Every line below needs to be printed again exactly, without any of its pictures.

Provided records:
☆ ☆ ☆ ☆ ☆

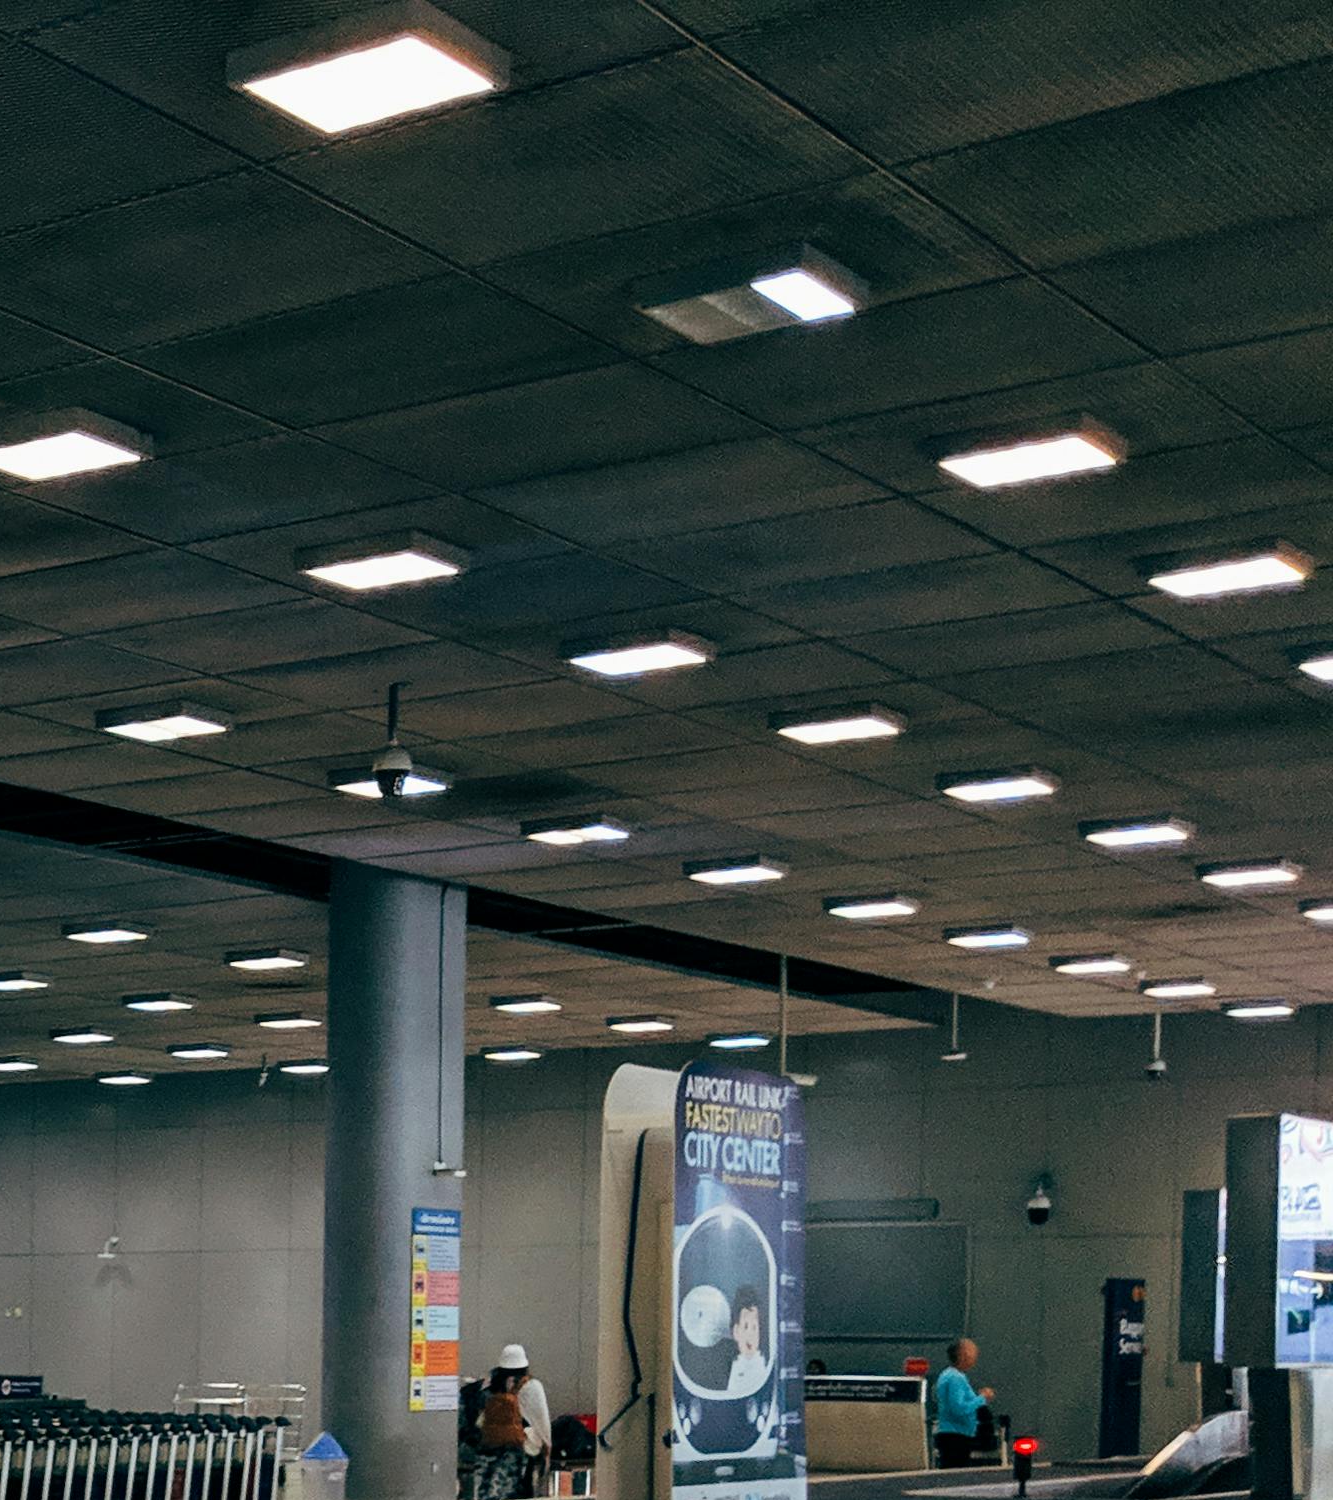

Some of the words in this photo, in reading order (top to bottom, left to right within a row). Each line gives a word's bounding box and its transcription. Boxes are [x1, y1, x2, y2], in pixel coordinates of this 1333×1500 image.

[685, 1074, 733, 1102] AIRPORT
[685, 1100, 738, 1133] FASTEST
[684, 1131, 721, 1169] CITY
[722, 1136, 782, 1175] CENTER
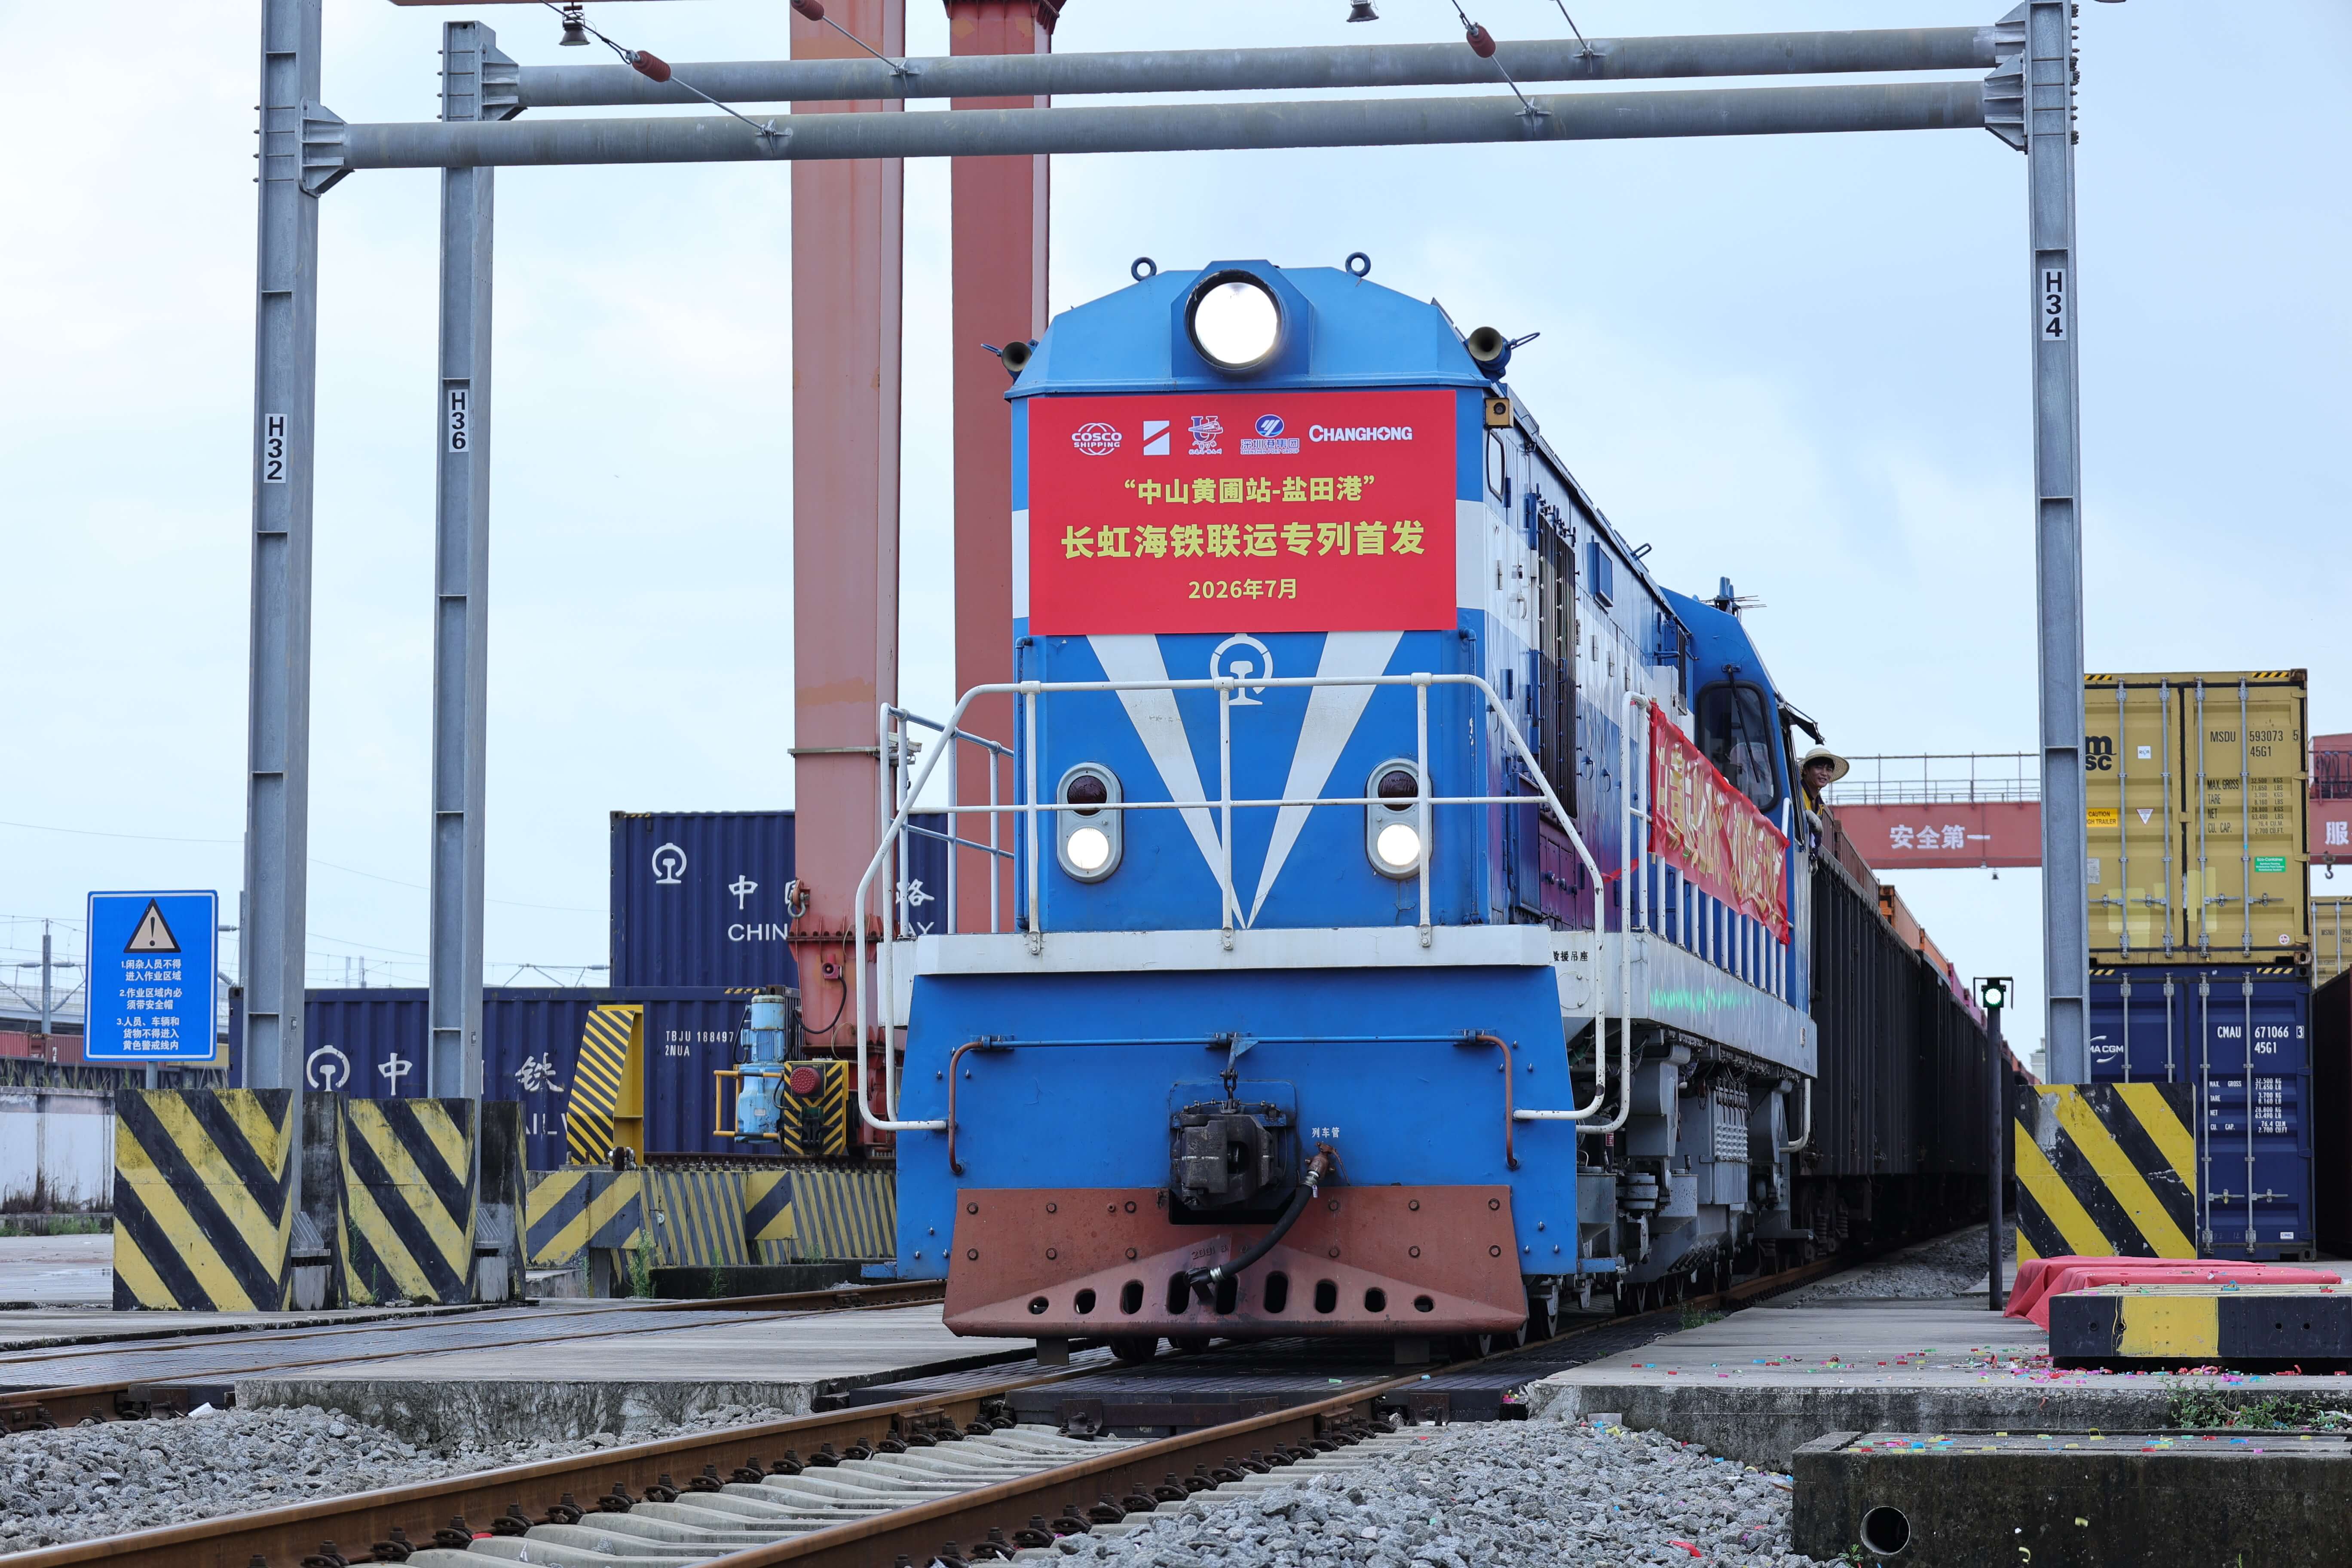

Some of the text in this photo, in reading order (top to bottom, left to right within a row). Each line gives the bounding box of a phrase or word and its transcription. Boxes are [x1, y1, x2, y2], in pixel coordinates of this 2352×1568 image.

[2046, 271, 2063, 337] H34
[451, 392, 466, 450] H36
[1071, 432, 1122, 441] COSCO
[1309, 425, 1412, 442] CHANGHONG
[267, 416, 284, 480] H32
[1240, 438, 1300, 449] 深圳港集团
[1124, 475, 1375, 505] “中山黄圃站-盐田港”
[1061, 520, 1425, 559] 长虹海铁联运专列首发
[1188, 578, 1298, 600] 2026年7月
[2210, 731, 2236, 742] MSDU
[2249, 730, 2283, 741] 593073
[2250, 746, 2272, 757] 45G1
[2222, 779, 2239, 790] GROSS
[2208, 794, 2221, 804] TARE
[2208, 808, 2217, 819] NET
[1890, 824, 1991, 850] 安全第一
[2324, 821, 2352, 846] 服
[728, 924, 788, 942] CHIN
[121, 959, 181, 969] 1.闲杂人员不得
[125, 970, 181, 981] 进入作业区域
[119, 987, 182, 998] 2.作业区域内必
[126, 999, 173, 1010] 须带安全帽
[123, 1028, 179, 1038] 货物不得进入
[666, 1030, 734, 1042] TBJU 188497
[2217, 1026, 2303, 1038] CMAU 671066 3
[123, 1040, 179, 1050] 黄色警戒线内
[2254, 1041, 2276, 1054] 45G1
[1311, 1127, 1340, 1138] 列车管

☆ ☆ ☆ ☆ ☆

Response:
Some of the words in this photo, in reading order (top to bottom, left to right within a row). Each line gives a word's bounding box and its transcription. Boxes are [x1, y1, x2, y2], in pixel coordinates of this 1333×1500 image.

[685, 1074, 733, 1102] AIRPORT
[685, 1100, 738, 1133] FASTEST
[684, 1131, 721, 1169] CITY
[722, 1136, 782, 1175] CENTER

Some of the text in this photo, in reading order (top to bottom, left to right within a row). Each line gives the bounding box of a phrase or word and its transcription. Boxes are [x1, y1, x2, y2], in pixel coordinates of this 2352×1568 image.

[2046, 271, 2063, 337] H34
[451, 392, 466, 450] H36
[1071, 432, 1122, 441] COSCO
[1309, 425, 1412, 442] CHANGHONG
[267, 416, 284, 480] H32
[1240, 438, 1300, 449] 深圳港集团
[1124, 475, 1375, 505] “中山黄圃站-盐田港”
[1061, 520, 1425, 559] 长虹海铁联运专列首发
[1188, 578, 1298, 600] 2026年7月
[2210, 731, 2236, 742] MSDU
[2249, 730, 2283, 741] 593073
[2250, 746, 2272, 757] 45G1
[2222, 779, 2239, 790] GROSS
[2208, 794, 2221, 804] TARE
[2208, 808, 2217, 819] NET
[1890, 824, 1991, 850] 安全第一
[2324, 821, 2352, 846] 服
[728, 924, 788, 942] CHIN
[121, 959, 181, 969] 1.闲杂人员不得
[125, 970, 181, 981] 进入作业区域
[119, 987, 182, 998] 2.作业区域内必
[126, 999, 173, 1010] 须带安全帽
[123, 1028, 179, 1038] 货物不得进入
[666, 1030, 734, 1042] TBJU 188497
[2217, 1026, 2303, 1038] CMAU 671066 3
[123, 1040, 179, 1050] 黄色警戒线内
[2254, 1041, 2276, 1054] 45G1
[1311, 1127, 1340, 1138] 列车管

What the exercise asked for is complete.